Die Papierindustrie, die in Deutschland weit mehr als 50 000
Menschen beschäftigt, fristet ein Schattendasein. «Viele wissen gar
nicht, was es da für Jobs gibt», sagt Tanja Reinhold, Sprecherin des
Verbandes Deutscher Papierfabriken in Bonn. Papiertechnologen sind
gefragte Spezialisten, zudem gibt es viele Weiterbildungs- und
Aufstiegsmöglichkeiten. «Man hat ganz tolle Karrierechancen», sagt
Reinhold.
Problematisch ist nach Blömekes Ansicht die Konkurrenz an den
Standorten, an denen die Papierindustrie traditionell gut vertreten
ist. «Wer im Stuttgarter Raum arbeitet, geht eher zu Daimler oder zu
Porsche», sagt er. Wer sich zum Papiertechnologen ausbilden lässt,
braucht einen guten Hauptschulabschluss. «Die Noten in den
Naturwissenschaften sollten gut sein, aber auch Sprachkenntnisse
werden immer wichtiger», sagt Blömeke. «64 Prozent der deutschen
Papierfabriken gehören internationalen Konzernen.»

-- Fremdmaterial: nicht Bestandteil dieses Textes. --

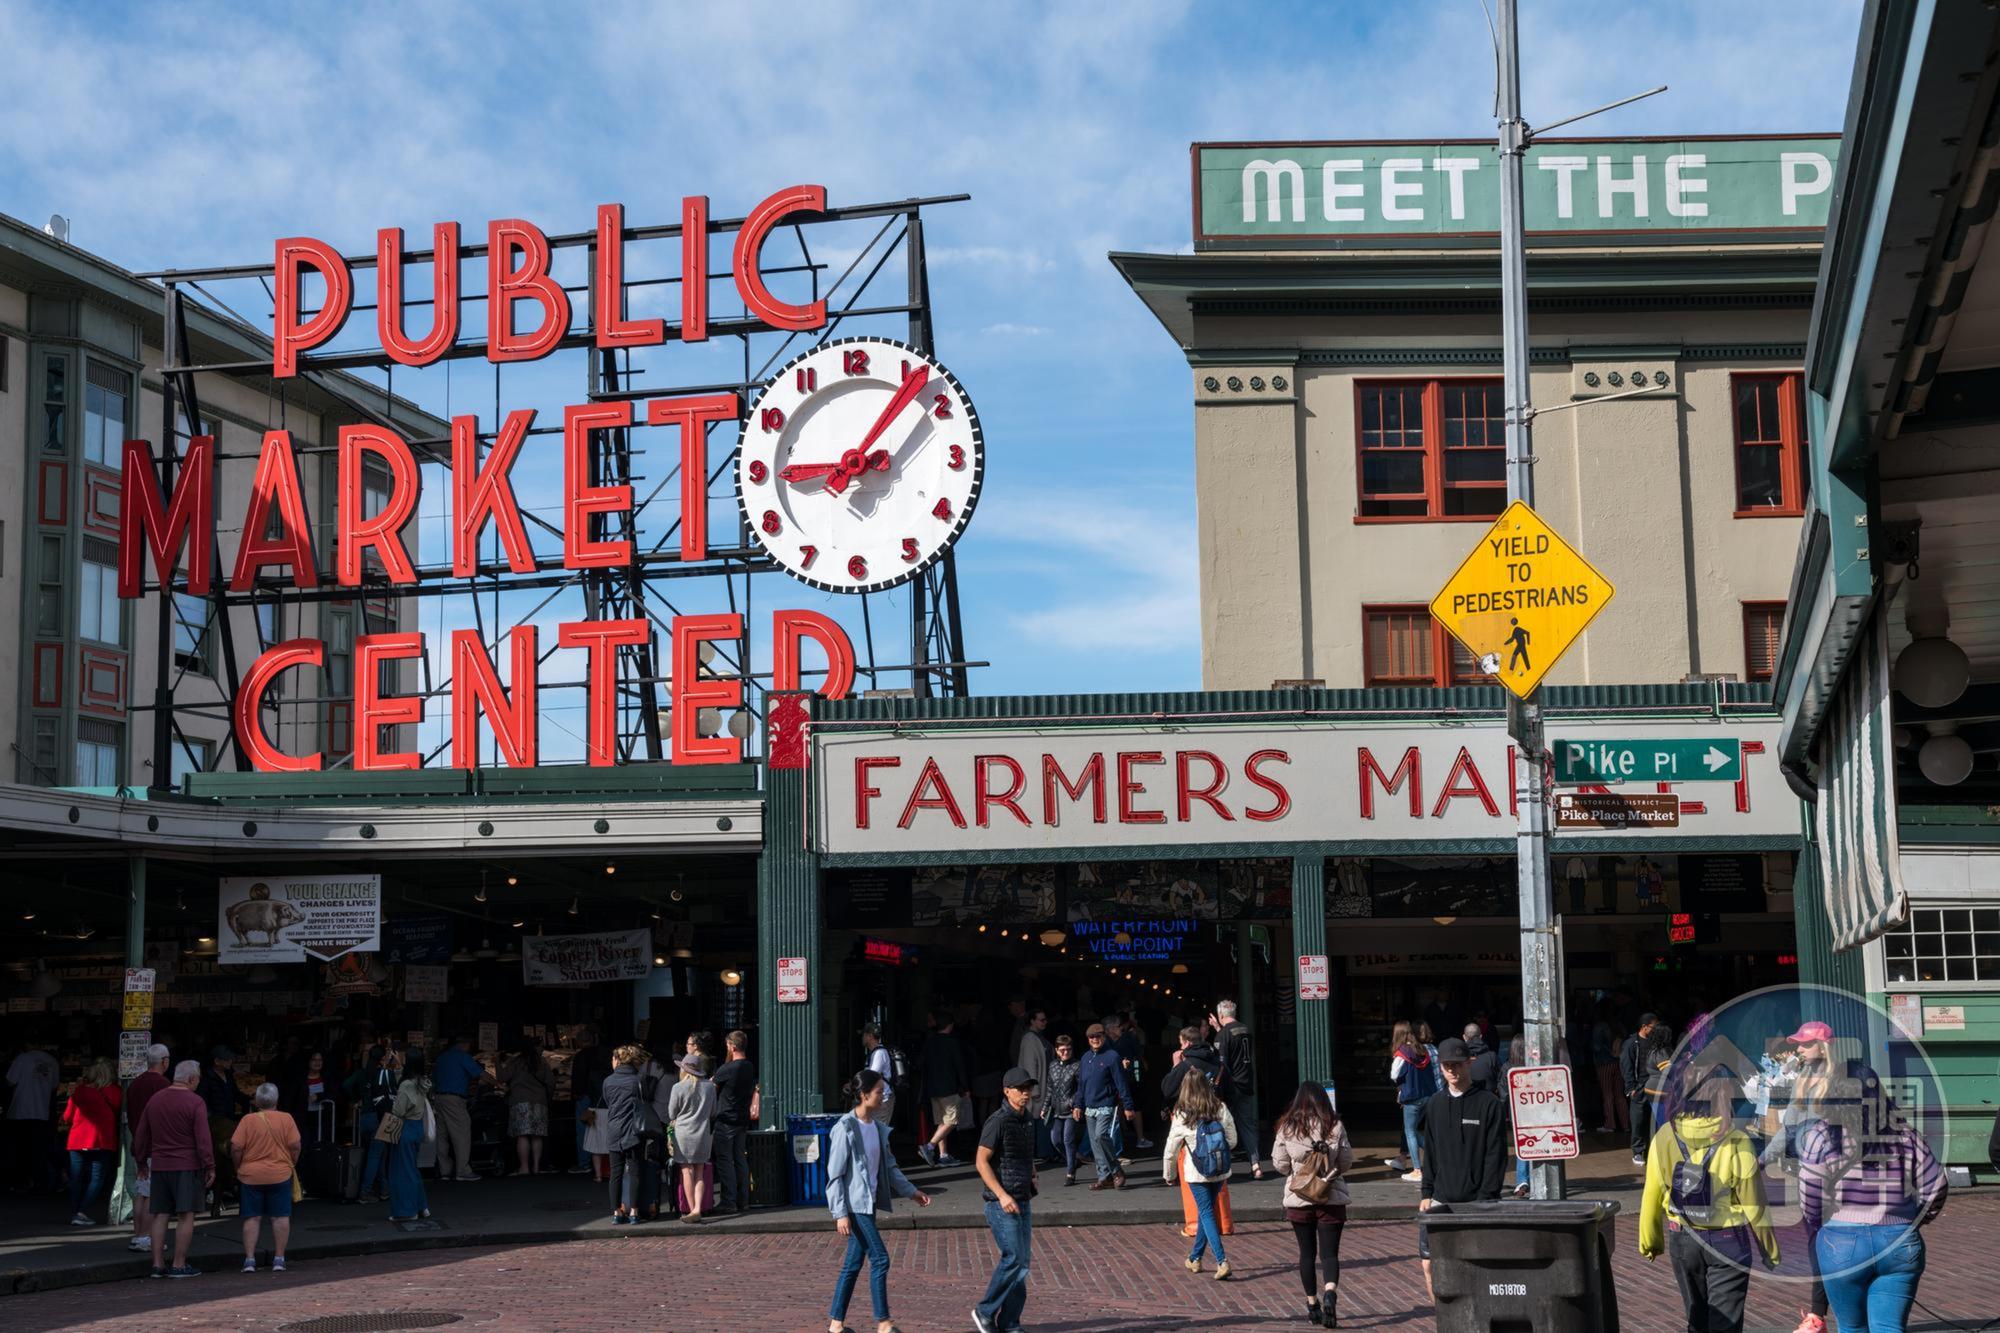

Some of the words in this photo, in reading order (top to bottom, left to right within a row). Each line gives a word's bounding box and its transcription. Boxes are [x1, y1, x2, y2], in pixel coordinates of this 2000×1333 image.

Darum sei die Universalsprache in zahlreichen Firmen Englisch. «Auch
beim Absatz werden internationale Wechselbeziehungen deutlich: Rund
50 Prozent der deutschen Produktion gehen in den Export, und 50
Prozent des in Deutschland verbrauchten Papiers wird importiert»,
sagt Heike Krämer, wissenschaftliche Mitarbeiterin beim
Bundesinstitut für Berufsbildung (BIBB) in Bonn.
Derzeit ist der erste Jahrgang derer in der Ausbildung, denen der
neue Beruf des Papiertechnologen vermittelt wird. «Der
Papiertechnologe löst den bisherigen Papiermacher ab», erläutert
Krämer. «Die neue Berufsbezeichnung verweist auf die gestiegene
Bedeutung der technologischen Prozessorientierung.»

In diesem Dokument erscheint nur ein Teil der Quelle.